(Listed entries)

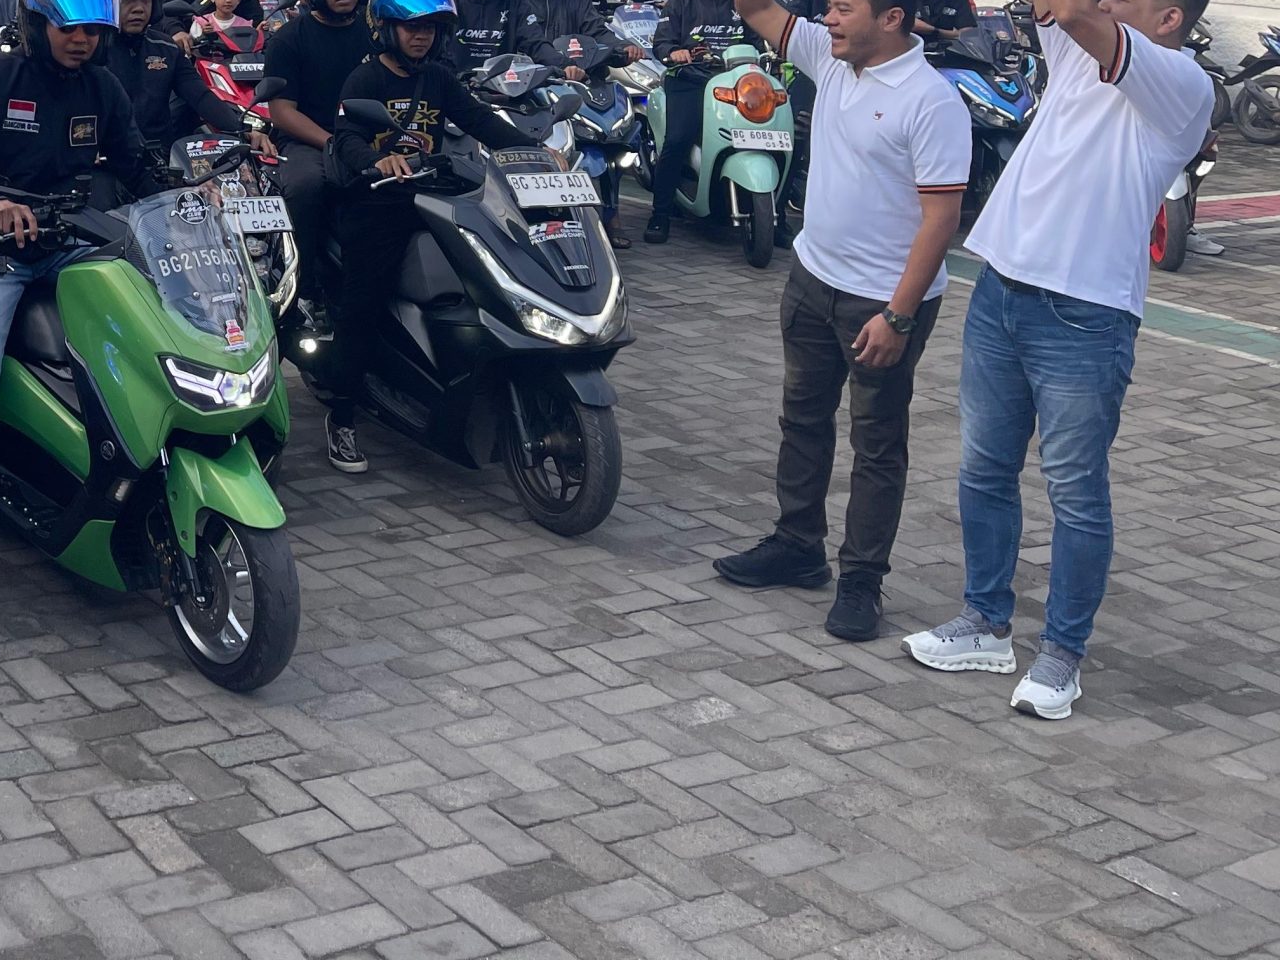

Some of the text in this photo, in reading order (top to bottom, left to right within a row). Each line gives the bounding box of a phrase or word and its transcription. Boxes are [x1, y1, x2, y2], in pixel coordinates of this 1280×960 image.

[465, 29, 489, 39] ONE
[704, 25, 725, 33] ONE
[511, 176, 529, 189] BG
[531, 175, 563, 189] 3345
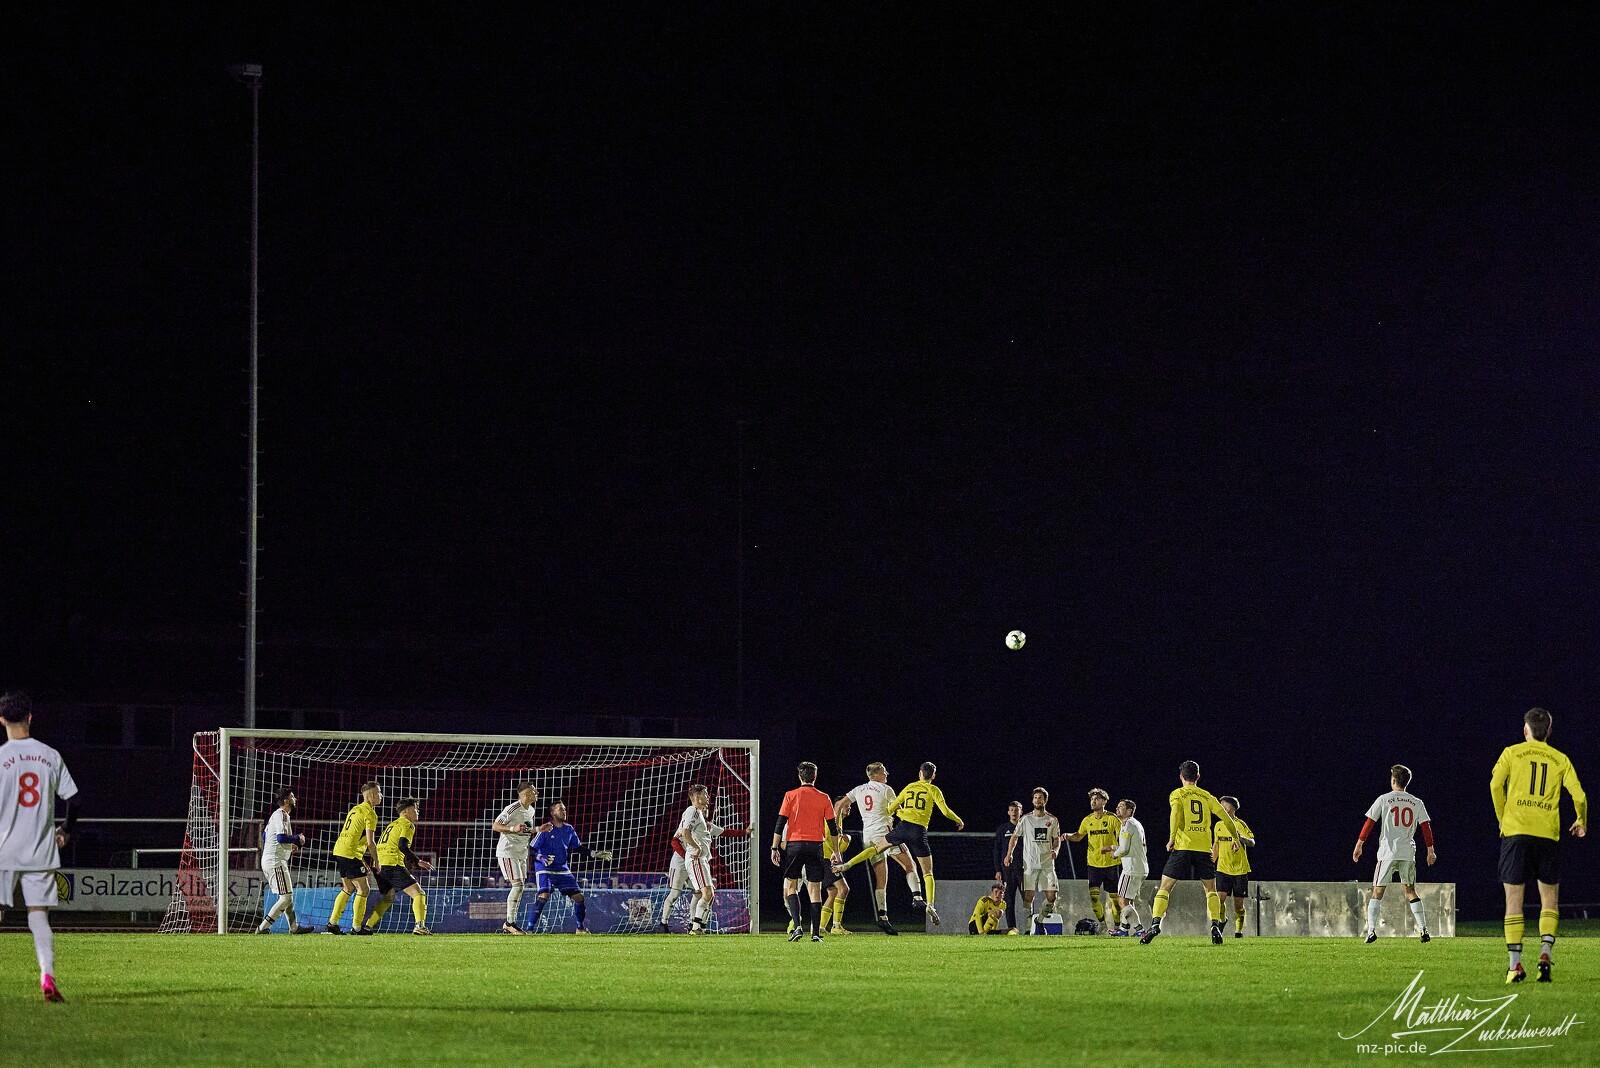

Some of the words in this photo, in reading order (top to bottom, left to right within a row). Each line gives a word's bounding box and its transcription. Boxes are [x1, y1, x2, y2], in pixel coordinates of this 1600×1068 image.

[3, 757, 16, 770] SV
[19, 754, 52, 768] Laufen
[1530, 761, 1548, 796] 11
[19, 772, 40, 808] 8
[905, 790, 927, 810] 26
[864, 794, 874, 811] 9
[1190, 799, 1204, 824] 9
[1516, 799, 1553, 811] BABINGER
[345, 812, 356, 831] 6
[1390, 806, 1414, 828] 10
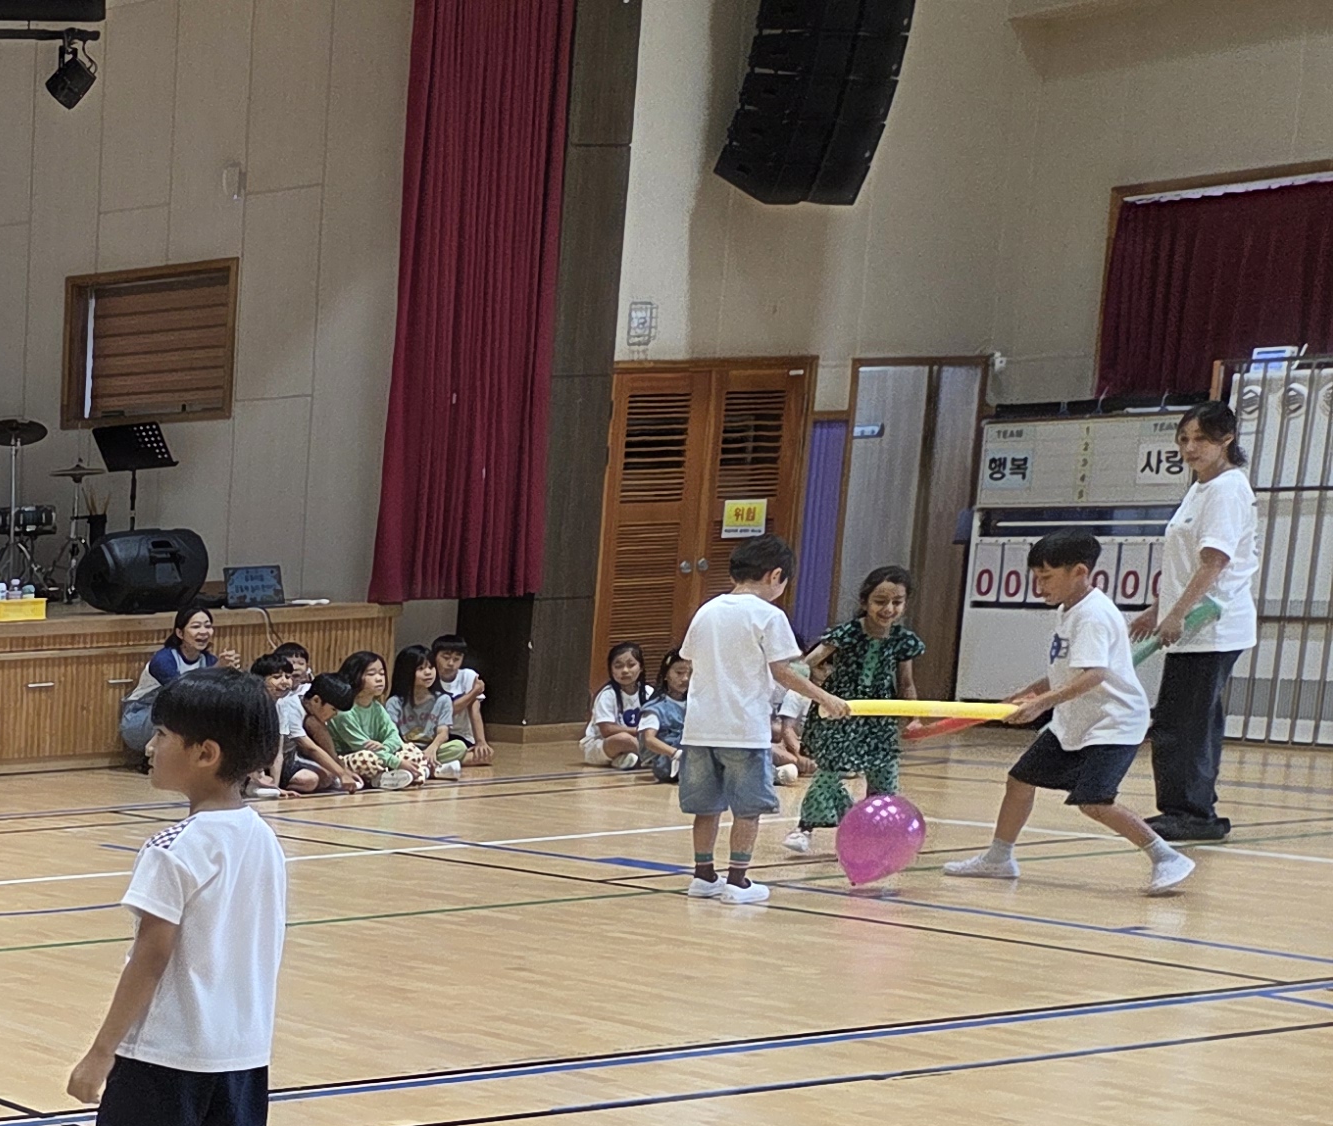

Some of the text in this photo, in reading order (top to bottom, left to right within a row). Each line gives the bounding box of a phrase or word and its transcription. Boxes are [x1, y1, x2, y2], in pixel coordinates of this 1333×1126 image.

[996, 429, 1024, 440] TEAM
[988, 455, 1028, 481] 행복
[1140, 449, 1184, 475] 사랑

(End Listed entries)

## Instructions for the task:
Pictures are to be omitted; otherwise, write out the data exactly as it appears.

## Task result:
Some of the text in this photo, in reading order (top to bottom, left to right within a row). Each line gives the bounding box of a phrase or word and its transcription. Boxes are [x1, y1, x2, y2], in pixel coordinates of this 1280×960 image.

[465, 29, 489, 39] ONE
[704, 25, 725, 33] ONE
[511, 176, 529, 189] BG
[531, 175, 563, 189] 3345

Some of the words in this photo, in reading order (top to bottom, left to right within a row). Each line gives a word's bounding box and its transcription. Boxes are [x1, y1, x2, y2], in pixel coordinates of this 1600×1068 image.

[3, 757, 16, 770] SV
[19, 754, 52, 768] Laufen
[1530, 761, 1548, 796] 11
[19, 772, 40, 808] 8
[905, 790, 927, 810] 26
[864, 794, 874, 811] 9
[1190, 799, 1204, 824] 9
[1516, 799, 1553, 811] BABINGER
[345, 812, 356, 831] 6
[1390, 806, 1414, 828] 10

Some of the text in this photo, in reading order (top to bottom, left to right within a row). Each line gives the bounding box of a phrase or word and its transcription. Boxes are [x1, y1, x2, y2], in pixel coordinates of this 1333×1126 image.

[996, 429, 1024, 440] TEAM
[988, 455, 1028, 481] 행복
[1140, 449, 1184, 475] 사랑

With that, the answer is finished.